%%
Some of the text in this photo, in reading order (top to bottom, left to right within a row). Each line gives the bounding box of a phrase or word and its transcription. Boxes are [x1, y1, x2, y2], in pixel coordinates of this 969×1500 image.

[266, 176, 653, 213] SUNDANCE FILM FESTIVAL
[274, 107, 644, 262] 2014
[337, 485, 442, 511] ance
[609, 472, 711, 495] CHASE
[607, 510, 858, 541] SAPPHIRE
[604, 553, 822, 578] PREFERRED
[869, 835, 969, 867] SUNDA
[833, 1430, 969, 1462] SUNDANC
%%
# WORK TASK
In your answer, reproduce every entry exactly as it was written.

# WRITTEN RESPONSE
Some of the text in this photo, in reading order (top to bottom, left to right within a row). Each line gives the bounding box of a phrase or word and its transcription. Boxes are [x1, y1, x2, y2], in pixel coordinates of this 969×1500 image.

[266, 176, 653, 213] SUNDANCE FILM FESTIVAL
[274, 107, 644, 262] 2014
[337, 485, 442, 511] ance
[609, 472, 711, 495] CHASE
[607, 510, 858, 541] SAPPHIRE
[604, 553, 822, 578] PREFERRED
[869, 835, 969, 867] SUNDA
[833, 1430, 969, 1462] SUNDANC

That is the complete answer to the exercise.